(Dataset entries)

╭──

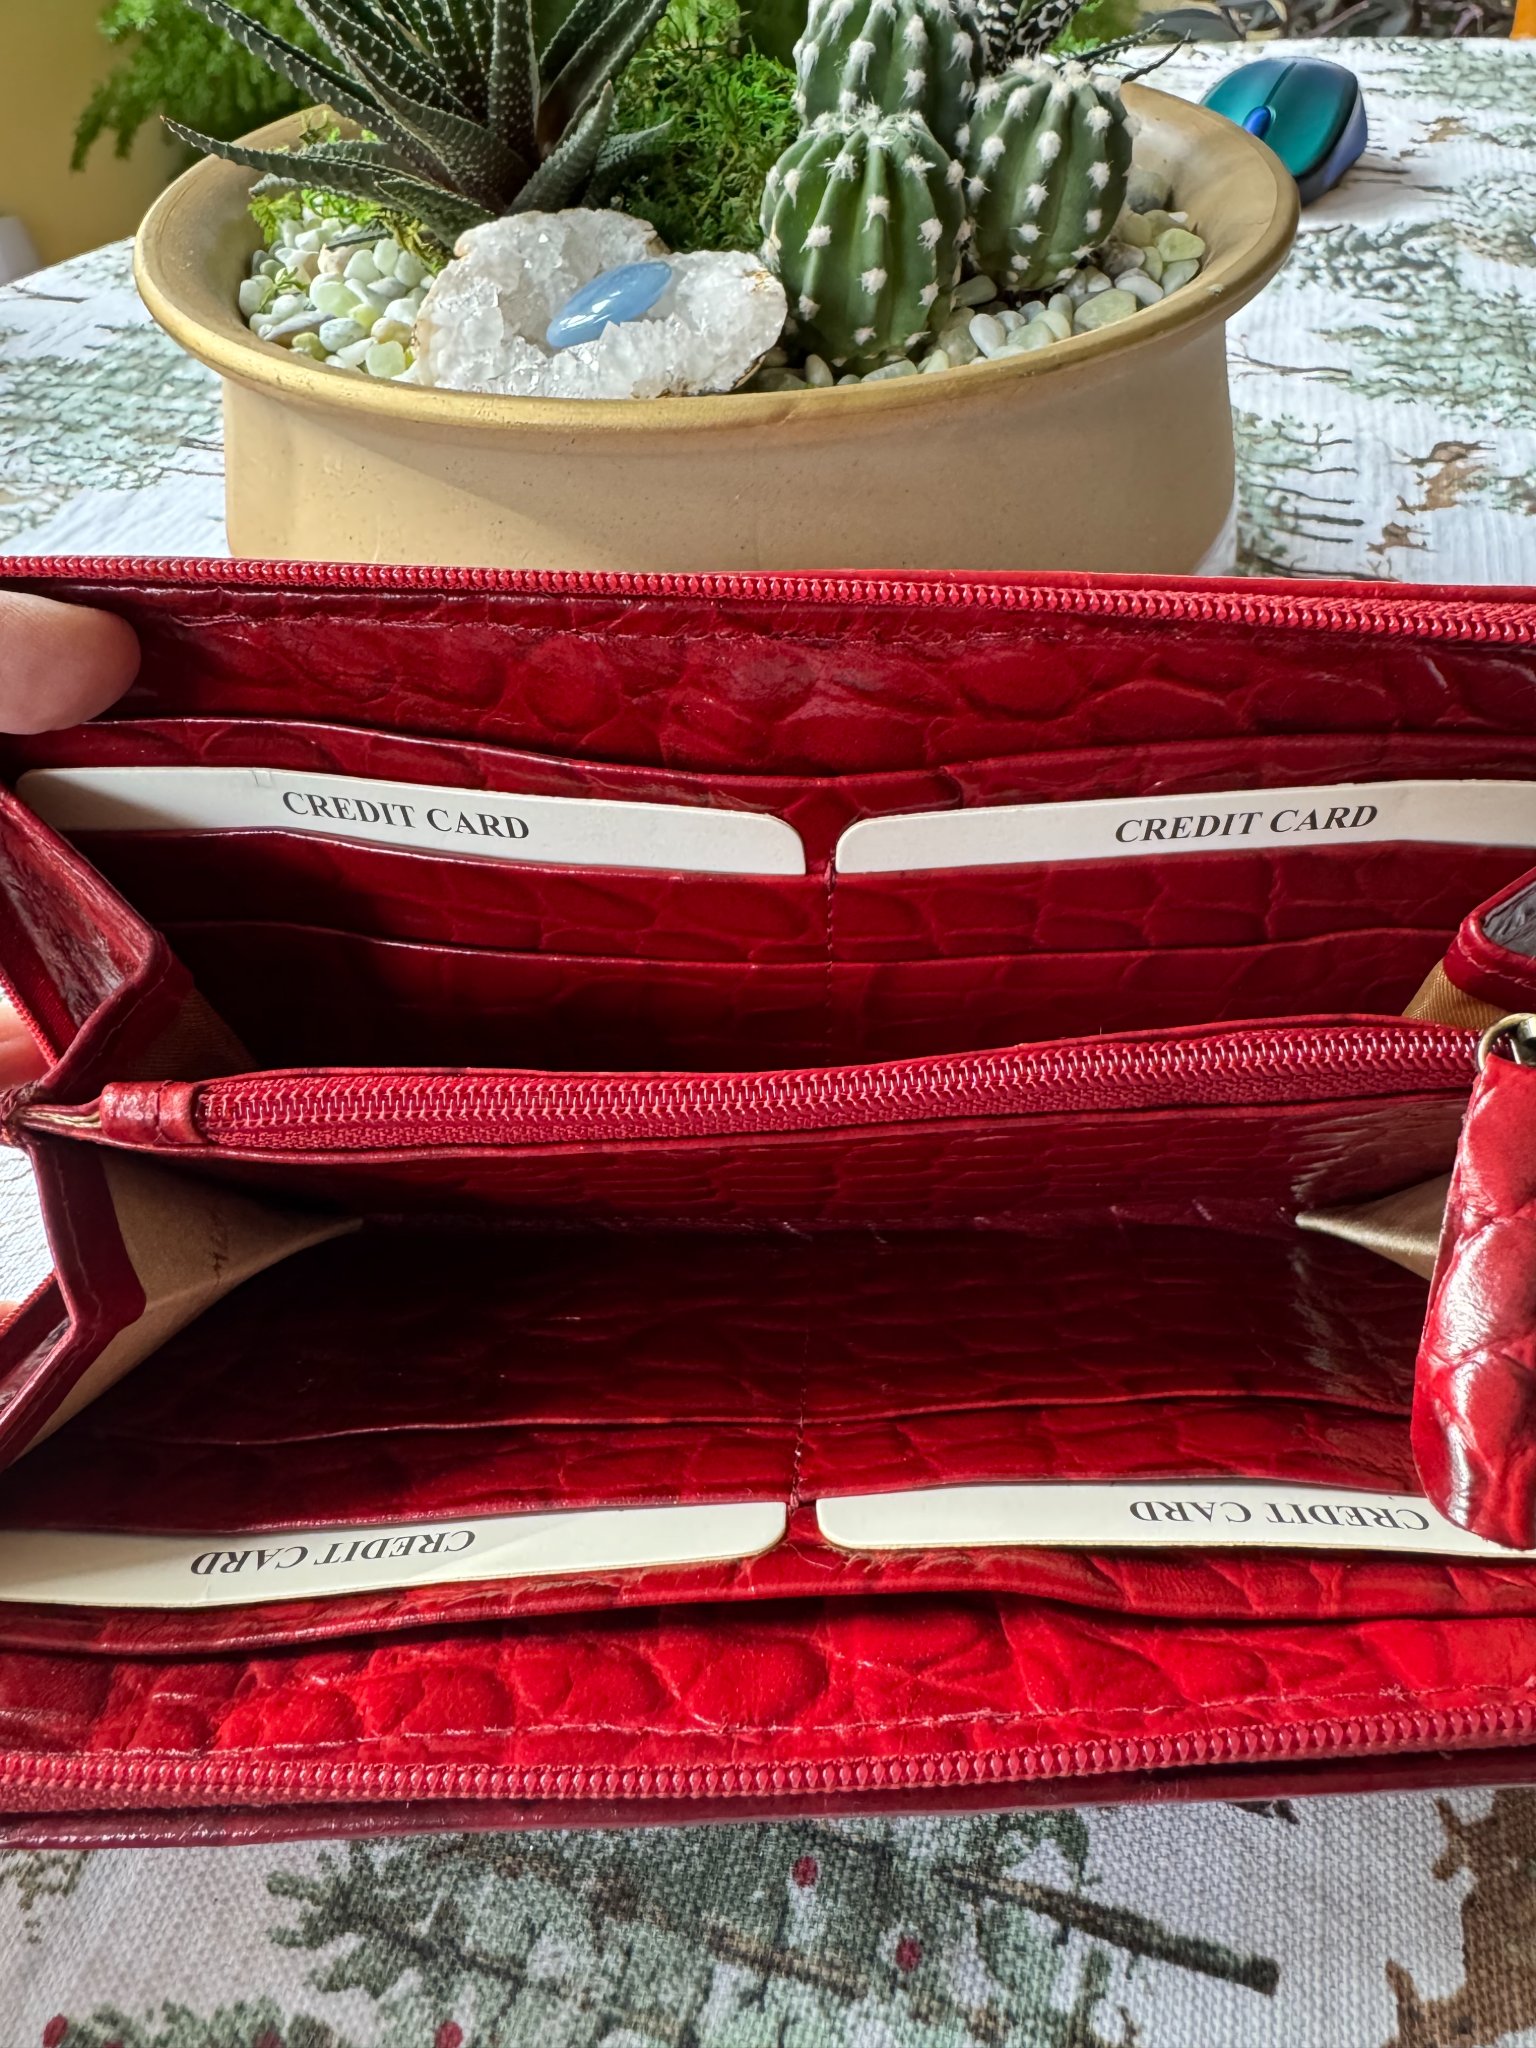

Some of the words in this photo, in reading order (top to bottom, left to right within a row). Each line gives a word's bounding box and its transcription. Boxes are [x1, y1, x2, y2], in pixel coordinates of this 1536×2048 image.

[282, 791, 416, 828] CREDIT
[426, 808, 530, 839] CARD
[1115, 811, 1263, 843] CREDIT
[1269, 805, 1378, 833] CARD
[1129, 1501, 1252, 1523] CARD
[1264, 1502, 1430, 1531] CREDIT
[190, 1545, 309, 1575] CARD
[313, 1530, 476, 1565] CREDIT
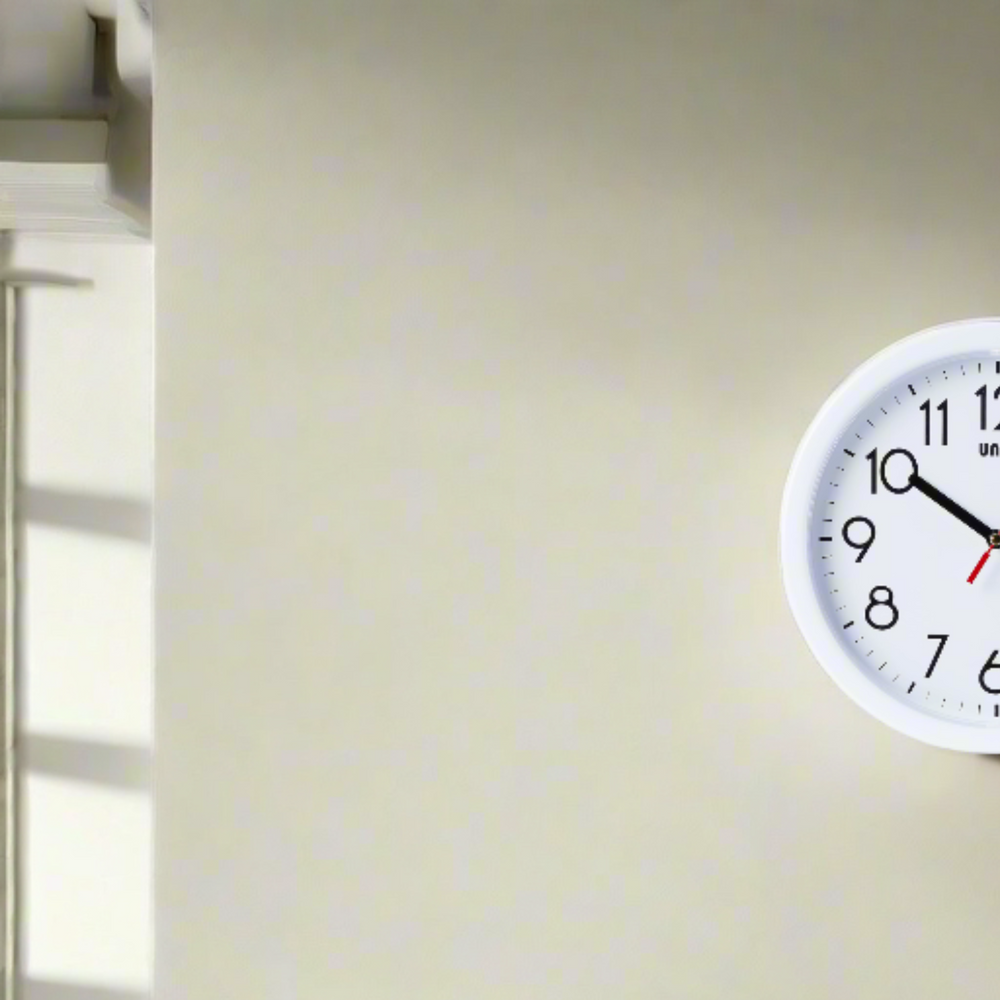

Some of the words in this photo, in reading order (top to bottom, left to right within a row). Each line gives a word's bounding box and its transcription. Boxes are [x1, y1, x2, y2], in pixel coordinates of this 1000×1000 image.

[919, 399, 948, 446] 11
[866, 448, 919, 494] 10
[842, 516, 876, 563] 9
[865, 586, 899, 631] 8
[925, 635, 950, 679] 7

╰──

• _EXERCISE_
Write out the records above exactly as they stand, leaving out every picture.

• _THE ANSWER_
Some of the words in this photo, in reading order (top to bottom, left to right within a row). Each line gives a word's bounding box and its transcription. Boxes are [x1, y1, x2, y2], in pixel coordinates of this 1536×2048 image.

[282, 791, 416, 828] CREDIT
[426, 808, 530, 839] CARD
[1115, 811, 1263, 843] CREDIT
[1269, 805, 1378, 833] CARD
[1129, 1501, 1252, 1523] CARD
[1264, 1502, 1430, 1531] CREDIT
[190, 1545, 309, 1575] CARD
[313, 1530, 476, 1565] CREDIT

Some of the words in this photo, in reading order (top to bottom, left to right within a row). Each line gives a word's bounding box and its transcription. Boxes are [x1, y1, x2, y2], in pixel coordinates of this 1000×1000 image.

[919, 399, 948, 446] 11
[866, 448, 919, 494] 10
[842, 516, 876, 563] 9
[865, 586, 899, 631] 8
[925, 635, 950, 679] 7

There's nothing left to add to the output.